■ Try it
The response has to be every entry, printed word for word.

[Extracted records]
------------------------------------------------------------------------
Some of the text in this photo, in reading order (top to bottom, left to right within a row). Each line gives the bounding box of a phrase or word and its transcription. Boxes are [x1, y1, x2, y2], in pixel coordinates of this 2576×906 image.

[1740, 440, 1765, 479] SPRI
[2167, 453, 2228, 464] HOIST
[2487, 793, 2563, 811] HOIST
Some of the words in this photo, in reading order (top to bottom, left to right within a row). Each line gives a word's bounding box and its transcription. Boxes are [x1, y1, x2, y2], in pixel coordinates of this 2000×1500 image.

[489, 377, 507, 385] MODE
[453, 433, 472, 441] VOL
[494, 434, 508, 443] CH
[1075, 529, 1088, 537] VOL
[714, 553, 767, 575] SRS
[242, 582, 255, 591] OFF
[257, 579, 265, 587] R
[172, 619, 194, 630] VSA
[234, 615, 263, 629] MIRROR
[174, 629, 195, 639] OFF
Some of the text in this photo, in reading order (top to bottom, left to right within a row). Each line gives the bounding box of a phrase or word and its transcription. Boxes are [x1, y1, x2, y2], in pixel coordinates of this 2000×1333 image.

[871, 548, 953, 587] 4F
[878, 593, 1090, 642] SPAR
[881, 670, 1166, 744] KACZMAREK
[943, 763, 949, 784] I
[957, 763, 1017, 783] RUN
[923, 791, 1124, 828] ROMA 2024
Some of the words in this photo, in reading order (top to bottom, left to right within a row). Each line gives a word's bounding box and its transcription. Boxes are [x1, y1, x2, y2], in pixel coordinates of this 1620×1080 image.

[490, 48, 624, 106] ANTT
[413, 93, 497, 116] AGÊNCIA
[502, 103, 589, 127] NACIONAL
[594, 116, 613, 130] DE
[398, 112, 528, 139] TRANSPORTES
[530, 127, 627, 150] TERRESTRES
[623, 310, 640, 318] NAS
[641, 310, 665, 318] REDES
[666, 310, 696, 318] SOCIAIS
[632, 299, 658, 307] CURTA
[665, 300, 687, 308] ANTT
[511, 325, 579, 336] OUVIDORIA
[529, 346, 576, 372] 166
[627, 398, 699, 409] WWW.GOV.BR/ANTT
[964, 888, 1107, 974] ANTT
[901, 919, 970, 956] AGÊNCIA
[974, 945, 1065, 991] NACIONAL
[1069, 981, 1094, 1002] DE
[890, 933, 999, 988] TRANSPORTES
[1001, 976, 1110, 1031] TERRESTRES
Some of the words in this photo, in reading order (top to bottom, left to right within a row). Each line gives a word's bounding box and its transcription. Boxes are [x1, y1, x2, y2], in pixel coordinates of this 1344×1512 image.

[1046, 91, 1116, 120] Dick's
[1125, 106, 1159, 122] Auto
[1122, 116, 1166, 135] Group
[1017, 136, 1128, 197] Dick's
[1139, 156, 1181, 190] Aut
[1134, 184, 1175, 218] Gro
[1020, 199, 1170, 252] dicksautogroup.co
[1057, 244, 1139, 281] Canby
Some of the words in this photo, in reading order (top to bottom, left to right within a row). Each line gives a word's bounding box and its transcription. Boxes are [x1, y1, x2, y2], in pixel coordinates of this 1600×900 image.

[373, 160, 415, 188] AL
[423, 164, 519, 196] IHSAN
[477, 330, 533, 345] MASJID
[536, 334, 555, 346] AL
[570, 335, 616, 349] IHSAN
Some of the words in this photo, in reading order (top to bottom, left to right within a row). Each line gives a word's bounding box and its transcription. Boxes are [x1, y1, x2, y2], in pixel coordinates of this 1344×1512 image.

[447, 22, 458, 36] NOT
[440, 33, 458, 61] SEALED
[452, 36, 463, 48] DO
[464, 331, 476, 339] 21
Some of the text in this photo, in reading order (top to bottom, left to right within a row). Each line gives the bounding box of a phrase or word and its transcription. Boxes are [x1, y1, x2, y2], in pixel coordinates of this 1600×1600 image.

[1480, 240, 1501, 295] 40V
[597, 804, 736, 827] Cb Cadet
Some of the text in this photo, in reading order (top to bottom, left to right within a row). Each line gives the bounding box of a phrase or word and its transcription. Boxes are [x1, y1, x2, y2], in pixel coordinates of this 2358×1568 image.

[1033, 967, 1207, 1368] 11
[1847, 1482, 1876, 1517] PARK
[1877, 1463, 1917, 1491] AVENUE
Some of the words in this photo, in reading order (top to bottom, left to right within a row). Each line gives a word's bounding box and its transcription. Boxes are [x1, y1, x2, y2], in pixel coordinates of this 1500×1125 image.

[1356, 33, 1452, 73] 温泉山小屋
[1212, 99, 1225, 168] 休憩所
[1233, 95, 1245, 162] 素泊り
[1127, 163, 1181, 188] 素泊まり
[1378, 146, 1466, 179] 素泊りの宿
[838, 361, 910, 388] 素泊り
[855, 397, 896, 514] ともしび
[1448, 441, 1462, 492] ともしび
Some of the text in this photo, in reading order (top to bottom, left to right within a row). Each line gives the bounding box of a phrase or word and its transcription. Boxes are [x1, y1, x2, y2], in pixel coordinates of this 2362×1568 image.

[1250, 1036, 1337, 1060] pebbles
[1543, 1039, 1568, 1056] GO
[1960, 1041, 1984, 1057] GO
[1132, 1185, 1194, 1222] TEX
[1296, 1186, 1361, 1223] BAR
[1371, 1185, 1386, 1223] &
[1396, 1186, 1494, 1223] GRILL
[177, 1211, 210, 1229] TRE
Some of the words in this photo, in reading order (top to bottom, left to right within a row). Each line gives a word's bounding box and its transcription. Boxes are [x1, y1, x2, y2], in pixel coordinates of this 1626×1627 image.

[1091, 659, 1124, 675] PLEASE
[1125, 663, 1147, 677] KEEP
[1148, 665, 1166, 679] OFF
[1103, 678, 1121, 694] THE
------------------------------------------------------------------------
■ Result
Some of the text in this photo, in reading order (top to bottom, left to right within a row). Each line gives the bounding box of a phrase or word and its transcription. Boxes are [x1, y1, x2, y2], in pixel coordinates of this 2576×906 image.

[1740, 440, 1765, 479] SPRI
[2167, 453, 2228, 464] HOIST
[2487, 793, 2563, 811] HOIST
Some of the words in this photo, in reading order (top to bottom, left to right within a row). Each line gives a word's bounding box and its transcription. Boxes are [x1, y1, x2, y2], in pixel coordinates of this 2000×1500 image.

[489, 377, 507, 385] MODE
[453, 433, 472, 441] VOL
[494, 434, 508, 443] CH
[1075, 529, 1088, 537] VOL
[714, 553, 767, 575] SRS
[242, 582, 255, 591] OFF
[257, 579, 265, 587] R
[172, 619, 194, 630] VSA
[234, 615, 263, 629] MIRROR
[174, 629, 195, 639] OFF
Some of the text in this photo, in reading order (top to bottom, left to right within a row). Each line gives the bounding box of a phrase or word and its transcription. Boxes are [x1, y1, x2, y2], in pixel coordinates of this 2000×1333 image.

[871, 548, 953, 587] 4F
[878, 593, 1090, 642] SPAR
[881, 670, 1166, 744] KACZMAREK
[943, 763, 949, 784] I
[957, 763, 1017, 783] RUN
[923, 791, 1124, 828] ROMA 2024
Some of the words in this photo, in reading order (top to bottom, left to right within a row). Each line gives a word's bounding box and its transcription. Boxes are [x1, y1, x2, y2], in pixel coordinates of this 1620×1080 image.

[490, 48, 624, 106] ANTT
[413, 93, 497, 116] AGÊNCIA
[502, 103, 589, 127] NACIONAL
[594, 116, 613, 130] DE
[398, 112, 528, 139] TRANSPORTES
[530, 127, 627, 150] TERRESTRES
[623, 310, 640, 318] NAS
[641, 310, 665, 318] REDES
[666, 310, 696, 318] SOCIAIS
[632, 299, 658, 307] CURTA
[665, 300, 687, 308] ANTT
[511, 325, 579, 336] OUVIDORIA
[529, 346, 576, 372] 166
[627, 398, 699, 409] WWW.GOV.BR/ANTT
[964, 888, 1107, 974] ANTT
[901, 919, 970, 956] AGÊNCIA
[974, 945, 1065, 991] NACIONAL
[1069, 981, 1094, 1002] DE
[890, 933, 999, 988] TRANSPORTES
[1001, 976, 1110, 1031] TERRESTRES
Some of the words in this photo, in reading order (top to bottom, left to right within a row). Each line gives a word's bounding box and its transcription. Boxes are [x1, y1, x2, y2], in pixel coordinates of this 1344×1512 image.

[1046, 91, 1116, 120] Dick's
[1125, 106, 1159, 122] Auto
[1122, 116, 1166, 135] Group
[1017, 136, 1128, 197] Dick's
[1139, 156, 1181, 190] Aut
[1134, 184, 1175, 218] Gro
[1020, 199, 1170, 252] dicksautogroup.co
[1057, 244, 1139, 281] Canby
Some of the words in this photo, in reading order (top to bottom, left to right within a row). Each line gives a word's bounding box and its transcription. Boxes are [x1, y1, x2, y2], in pixel coordinates of this 1600×900 image.

[373, 160, 415, 188] AL
[423, 164, 519, 196] IHSAN
[477, 330, 533, 345] MASJID
[536, 334, 555, 346] AL
[570, 335, 616, 349] IHSAN
Some of the words in this photo, in reading order (top to bottom, left to right within a row). Each line gives a word's bounding box and its transcription. Boxes are [x1, y1, x2, y2], in pixel coordinates of this 1344×1512 image.

[447, 22, 458, 36] NOT
[440, 33, 458, 61] SEALED
[452, 36, 463, 48] DO
[464, 331, 476, 339] 21
Some of the text in this photo, in reading order (top to bottom, left to right within a row). Each line gives the bounding box of a phrase or word and its transcription. Boxes are [x1, y1, x2, y2], in pixel coordinates of this 1600×1600 image.

[1480, 240, 1501, 295] 40V
[597, 804, 736, 827] Cb Cadet
Some of the text in this photo, in reading order (top to bottom, left to right within a row). Each line gives the bounding box of a phrase or word and its transcription. Boxes are [x1, y1, x2, y2], in pixel coordinates of this 2358×1568 image.

[1033, 967, 1207, 1368] 11
[1847, 1482, 1876, 1517] PARK
[1877, 1463, 1917, 1491] AVENUE
Some of the words in this photo, in reading order (top to bottom, left to right within a row). Each line gives a word's bounding box and its transcription. Boxes are [x1, y1, x2, y2], in pixel coordinates of this 1500×1125 image.

[1356, 33, 1452, 73] 温泉山小屋
[1212, 99, 1225, 168] 休憩所
[1233, 95, 1245, 162] 素泊り
[1127, 163, 1181, 188] 素泊まり
[1378, 146, 1466, 179] 素泊りの宿
[838, 361, 910, 388] 素泊り
[855, 397, 896, 514] ともしび
[1448, 441, 1462, 492] ともしび
Some of the text in this photo, in reading order (top to bottom, left to right within a row). Each line gives the bounding box of a phrase or word and its transcription. Boxes are [x1, y1, x2, y2], in pixel coordinates of this 2362×1568 image.

[1250, 1036, 1337, 1060] pebbles
[1543, 1039, 1568, 1056] GO
[1960, 1041, 1984, 1057] GO
[1132, 1185, 1194, 1222] TEX
[1296, 1186, 1361, 1223] BAR
[1371, 1185, 1386, 1223] &
[1396, 1186, 1494, 1223] GRILL
[177, 1211, 210, 1229] TRE
Some of the words in this photo, in reading order (top to bottom, left to right within a row). Each line gives a word's bounding box and its transcription. Boxes are [x1, y1, x2, y2], in pixel coordinates of this 1626×1627 image.

[1091, 659, 1124, 675] PLEASE
[1125, 663, 1147, 677] KEEP
[1148, 665, 1166, 679] OFF
[1103, 678, 1121, 694] THE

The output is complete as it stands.